Estou adquirindo uma má vontade comigo mesmo de citar "aquele" pregador que eu li tanto a vida inteira. Foi meu pai que me recomendou: "Se você quer aprender a escrever, leia Vieira". Pois não é que ele diz que os homens têm olhos feitos para ver e para chorar? E explica: "Os cegos não vêem e choram". É o que acontece agora com nós, brasileiros. Estamos vendo, estamos cegos e, vendo não vendo, temos vontade de chorar.
Muito ouvimos a canção "não chores por mim, Argentina". E eu, quando, há muitos anos, li "O Palácio Queimado" (sede do governo em La Paz), a trágica história da Bolívia, envolvida sempre em golpes, e o canto profundo dos índios andinos, condenados milenarmente ao sofrer, tive vontade de chorar pela Bolívia, que se renova, agora, e se estende ao que se fala sobre o Brasil.
Nosso país não merece. Chegamos ao fim do ciclo republicano, encerrado com a vida desse operário, Lula da Silva -patrimônio do país-, que cumpriu todos os sofrimentos da pobreza para chegar à Presidência da República, mostrando que o Brasil fez pelo voto aquilo que ninguém no mundo fez pelas armas: um operário no poder. Todos as classes brasileiras tiveram a oportunidade de governar o país.
Desabam nessa dura caminhada, hoje, a desmoralização do Congresso, o trucidamento de reputações, a generalização das suspeitas e a tragédia de um momento de impasses. Não é uma crise. São várias crises dentro de uma só, que é múltipla.
Há alguns anos, a democracia representativa, que os ingleses sistematizaram, vem sofrendo um declínio permanente com a erosão de suas práticas. Pareciam ciclos, como no século 19, com Napoleão 3º, no século 20, com Mussolini, Hitler e os Estados concentracionários. Hoje, esse desgaste nos parece acelerado com a sociedade de comunicação, que faz com que todas as coisas sejam vividas e acompanhadas por todos ao mesmo tempo e hora.

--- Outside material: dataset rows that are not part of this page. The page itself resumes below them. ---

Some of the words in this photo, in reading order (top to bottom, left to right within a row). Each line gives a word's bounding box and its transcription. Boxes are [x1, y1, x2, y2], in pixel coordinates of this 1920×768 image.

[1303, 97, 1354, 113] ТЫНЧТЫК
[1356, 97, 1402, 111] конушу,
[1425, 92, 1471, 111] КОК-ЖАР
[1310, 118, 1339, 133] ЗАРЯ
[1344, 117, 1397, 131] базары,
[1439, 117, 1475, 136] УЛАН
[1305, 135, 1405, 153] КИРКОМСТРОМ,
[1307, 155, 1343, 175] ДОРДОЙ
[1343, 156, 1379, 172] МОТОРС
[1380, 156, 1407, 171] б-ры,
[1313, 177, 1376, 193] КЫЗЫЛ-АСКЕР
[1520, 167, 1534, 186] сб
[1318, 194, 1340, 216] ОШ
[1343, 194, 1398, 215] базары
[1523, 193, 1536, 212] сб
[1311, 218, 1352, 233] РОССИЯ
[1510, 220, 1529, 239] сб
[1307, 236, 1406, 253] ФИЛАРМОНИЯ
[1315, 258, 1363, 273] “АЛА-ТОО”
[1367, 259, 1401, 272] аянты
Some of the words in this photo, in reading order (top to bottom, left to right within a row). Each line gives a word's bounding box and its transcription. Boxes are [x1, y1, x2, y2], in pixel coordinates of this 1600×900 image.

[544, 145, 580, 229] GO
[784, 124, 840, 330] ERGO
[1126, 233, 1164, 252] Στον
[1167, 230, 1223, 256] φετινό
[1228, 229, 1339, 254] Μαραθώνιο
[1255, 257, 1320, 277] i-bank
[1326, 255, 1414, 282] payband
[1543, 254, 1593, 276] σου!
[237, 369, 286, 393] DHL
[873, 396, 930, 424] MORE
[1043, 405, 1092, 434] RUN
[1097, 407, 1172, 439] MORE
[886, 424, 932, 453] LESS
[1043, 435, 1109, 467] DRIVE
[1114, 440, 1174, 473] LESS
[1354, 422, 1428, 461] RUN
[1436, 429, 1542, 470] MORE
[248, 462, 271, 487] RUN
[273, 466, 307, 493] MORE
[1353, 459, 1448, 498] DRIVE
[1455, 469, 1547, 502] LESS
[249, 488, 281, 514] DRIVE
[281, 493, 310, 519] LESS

O que representa, hoje, um deputado? -é a pergunta da mídia. A opinião pública desloca-se, então, para ser exercida pelos meios de comunicação. E inicia-se um doloroso processo de purgação, necessário e saneador.
Em 1997, eu não tinha nenhum relacionamento com Lula, era seu adversário, sem nenhum contato. Ele, àquele tempo, sofreu verdadeiro trucidamento e, diante de tanta injustiça, submetido a um interrogatório numa reunião do diretório do PT, foi às lágrimas. Fiquei indignado e aqui, nesta coluna, escrevi um artigo "A Lula o que é de Lula". Disse que "o país tem de aprender a preservar os seus homens públicos". Volto, hoje, conhecendo-o de perto, admirando sua inteligência e devoção ao trabalho pelo país, para dizer que ele não merece o que está acontecendo. Afastemos dele esse cálice. Ele não tem nada a ver com decomposição das instituições representativas. Na Argentina, para não sermos sós nessa galáxia de horrores, deputados são acusados de receber "sobresueldos", o "mensalão" em castelhano.
Lá, como cá, devemos lancetar o tumor. Que não fique pedra sobre pedra, mas que dessas pedras partidas saia reconstruída, em pureza, a maior das instituições democráticas: o Parlamento. Sem ele não há democracia e, sem ela, valha-nos Deus!
Como há oito anos, repito que dêem a Lula o que é de Lula e não lhe entreguem o que a ele não pertence.